In thick wet snow (3 to 6 inches), riders will want to run really low pressure (2 to 5 PSI) in order to get the traction to be able to move. When the snow is sticky, it’s easier to do damage to the trail and therefore, the lower the PSI, the better. In dry powdery snow, conditions vary even more. If the snow is packed and groomed, you may be able to ride between 6 and 8 PSI.
Not all riders are the same, so I asked Molly what her preferred PSI is for winter riding. Here’s what she said:
2-4 PSI if it’s super soft
5-6 PSI for average conditions
7-12 PSI on hardpack
Something to keep in mind is that the only time you need to worry about going too low is if 1.) you have tubes (you really should go tubeless) or 2.) if you’ll be riding your fattie in mixed conditions (rocks, mud, ice). In mixed conditions, a rock or log could push your tire to your rim and dent it.
After reading this, you’re likely thinking, “That’s nice, but my tire pressure gauge isn’t sensitive enough to register 3 or 4 PSI.” During my first winter of riding I realized that I needed a new gauge.
All of these gauges are easy to use and light.
The Meiser Accu-Gage is the heaviest gauge listed here, but is also the most durable.
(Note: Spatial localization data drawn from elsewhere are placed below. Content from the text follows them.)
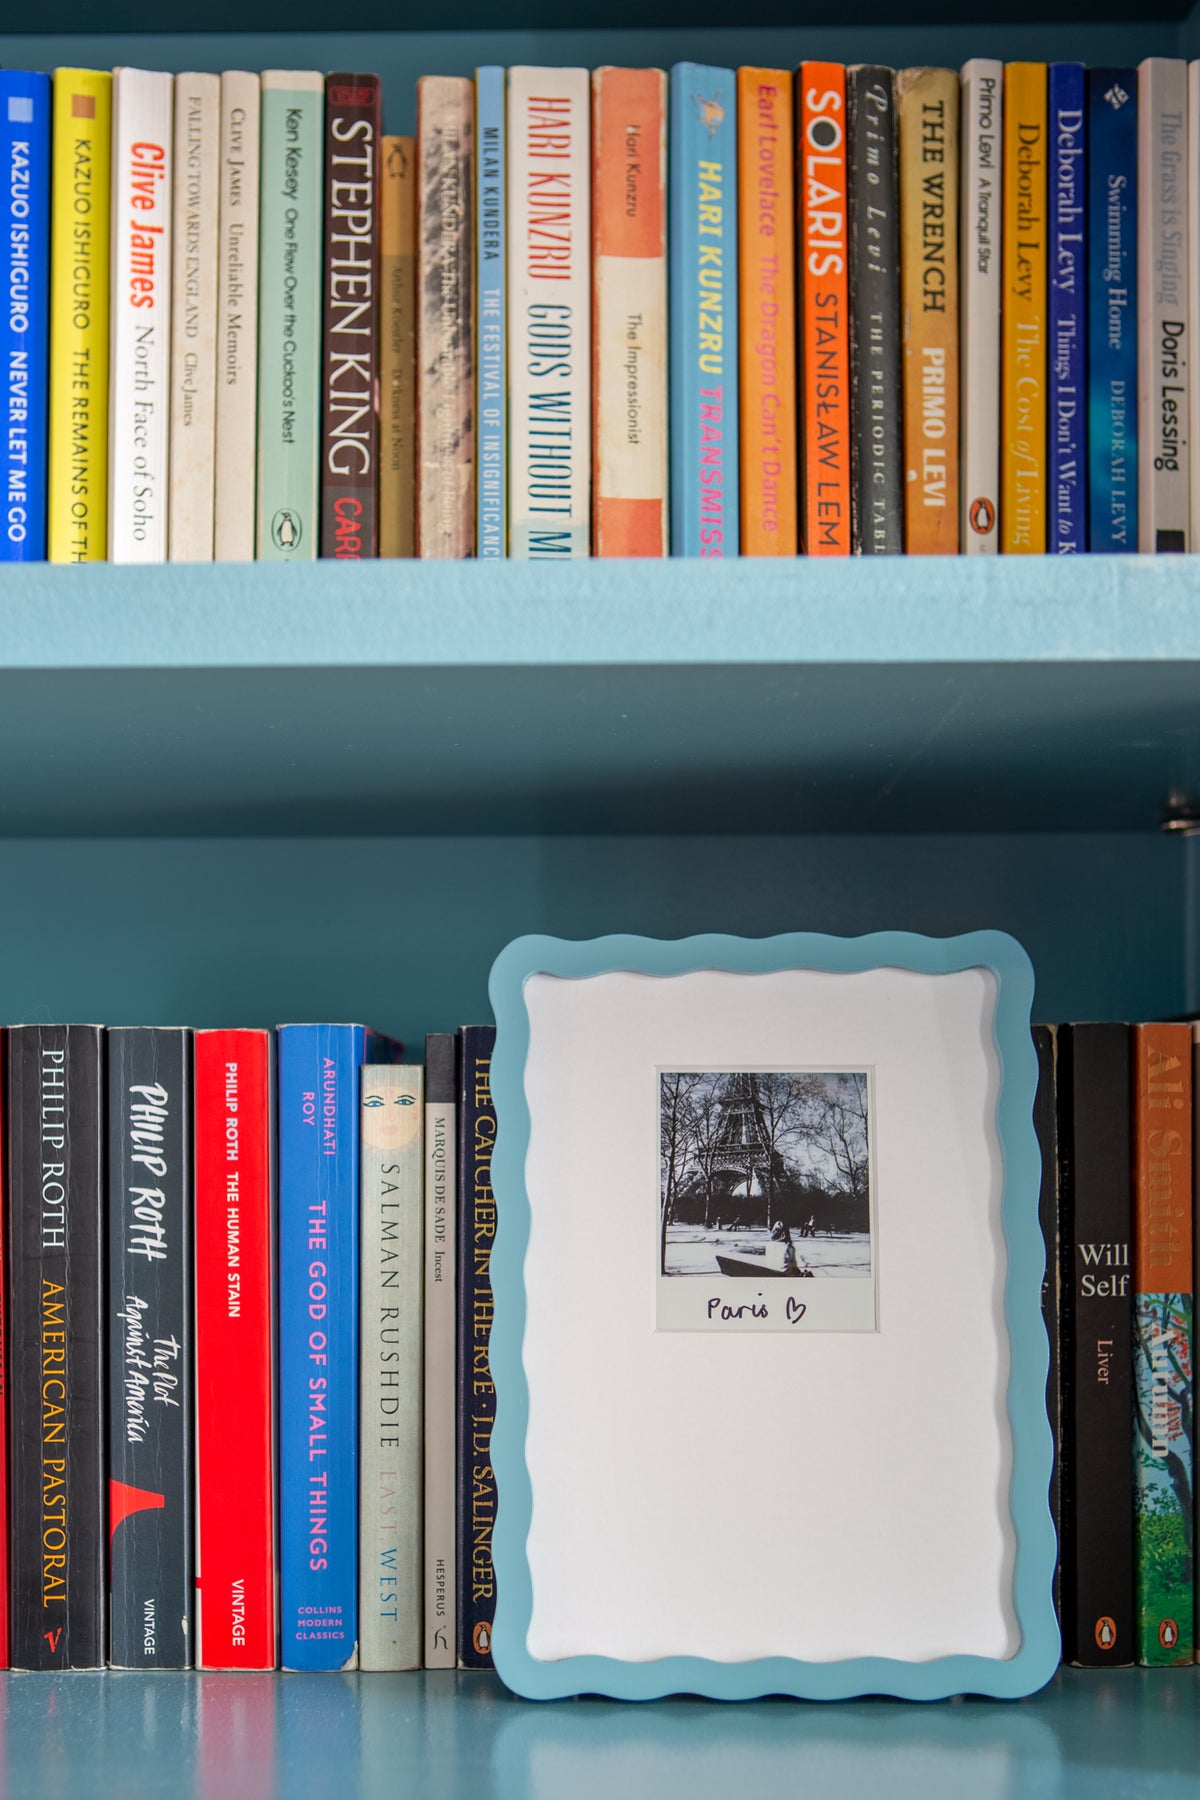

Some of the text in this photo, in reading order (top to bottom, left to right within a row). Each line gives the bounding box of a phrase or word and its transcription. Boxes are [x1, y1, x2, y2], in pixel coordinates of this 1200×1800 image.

[227, 108, 247, 207] CLIVE JAMES
[282, 108, 302, 200] Ken Kesey
[483, 127, 499, 260] MILAN KUNDERA
[528, 96, 572, 279] HARI KUNZRU
[626, 124, 641, 218] Hari Kunzru
[758, 85, 780, 237] Earl Lovelace
[806, 88, 844, 276] SOLARIS
[865, 84, 888, 274] Primo Levi
[979, 77, 995, 170] Primo Levi
[10, 141, 29, 333] KAZUO ISHIGURO
[73, 139, 91, 329] KAZUO ISHIGURO
[129, 142, 165, 309] Clive James
[185, 96, 202, 338] FALLING TOWARDS ENGLAND
[330, 117, 373, 335] STEPHEN
[698, 160, 723, 374] HARI KUNZRU
[922, 101, 945, 314] THE WRENCH
[976, 178, 991, 274] A Tranquil Star
[1011, 122, 1040, 301] Deborah Levy
[1052, 109, 1083, 295] Deborah Levy
[1103, 174, 1127, 350] Swimming Home
[1155, 112, 1183, 305] The Grass is Singing
[227, 223, 244, 385] Unreliable Memoirs
[282, 208, 299, 444] One Flew Over the Cuckoo's Nest
[483, 325, 499, 400] FESTIVAL
[484, 289, 499, 316] THE
[870, 312, 884, 355] THE
[8, 351, 28, 542] NEVER LET ME GO
[71, 348, 89, 530] THE REMAINS OF
[133, 325, 155, 541] North Face of Soho
[181, 352, 198, 427] Clive James
[328, 351, 371, 476] KING
[483, 408, 499, 427] OF
[527, 304, 573, 518] GODS WITHOUT
[624, 313, 642, 444] The Impressionist
[755, 255, 782, 532] The Dragon Can't Dance
[815, 292, 841, 546] STANISŁAW LEM
[871, 370, 885, 485] PERIODIC
[922, 348, 946, 507] PRIMO LEVI
[1010, 313, 1040, 545] The Cost of Living
[1055, 313, 1077, 535] Things I Don't Want to
[1154, 320, 1187, 471] Doris Lessing
[1111, 380, 1127, 544] DEBORAH LEVY
[42, 1050, 65, 1248] PHILIP ROTH
[127, 1082, 169, 1262] PHILIP ROTH
[225, 1063, 238, 1161] PHILIP ROTH
[302, 1092, 315, 1126] ROY
[323, 1057, 336, 1155] ARUNDHATI
[431, 1117, 445, 1244] MARQUIS DE SADE
[1147, 1044, 1185, 1270] Ali Smith
[227, 1172, 240, 1318] THE HUMAN STAIN
[435, 1251, 446, 1282] Incest
[473, 1052, 495, 1395] THE CATCHER IN THE RYE
[1078, 1244, 1129, 1266] Will
[1081, 1274, 1130, 1297] Self
[118, 1295, 151, 1444] Against America
[153, 1334, 181, 1408] The Plot
[380, 1163, 400, 1447] SALMAN RUSHDIE
[707, 1292, 769, 1320] Paris
[1097, 1340, 1113, 1385] Liver
[42, 1279, 66, 1608] AMERICAN PASTORAL
[308, 1201, 327, 1572] THE GOD OF SMALL THINGS
[379, 1548, 397, 1621] WEST
[436, 1559, 446, 1616] HESPERUS
[472, 1465, 494, 1603] SALINGER
[143, 1599, 155, 1655] VINTAGE
[231, 1579, 245, 1646] VINTAGE
[295, 1631, 345, 1640] CLASSICS
[297, 1606, 342, 1615] COLLINS
[297, 1618, 342, 1627] MODERN
I have two—one that hangs out in my garage and another that chills in the car. I like this gauge because it’s cheap and it doesn’t require batteries.
The Topeak SmartGauge is a winner because it’s accurate. No guessing involved. Another plus is that you can use this gauge for all your bikes, not just your fattie.
Quarq's TyreWiz monitors air pressure in real-time and relays the data to a cycling computer or a smartphone, so you always know what’s going on with your tires. They thread into your presta valve stem and take the place of your valve core, making them switchable between bikes. They allow you to set a high and low range, so when the tire looses too much pressure by your own standards, the LED will flash red rather than green. This is particularly nice for rides in varying elevation, since that can directly effect tire pressure.
I know this is annoying to hear, but that’s because it’s annoyingly true: the best way to get really, really good at nailing your PSI every time is to get out and ride. Take the time to make adjustments, and think about how your bike is handling. Check behind you every so often to look for those rivets in the trail. Most importantly, get your shred on.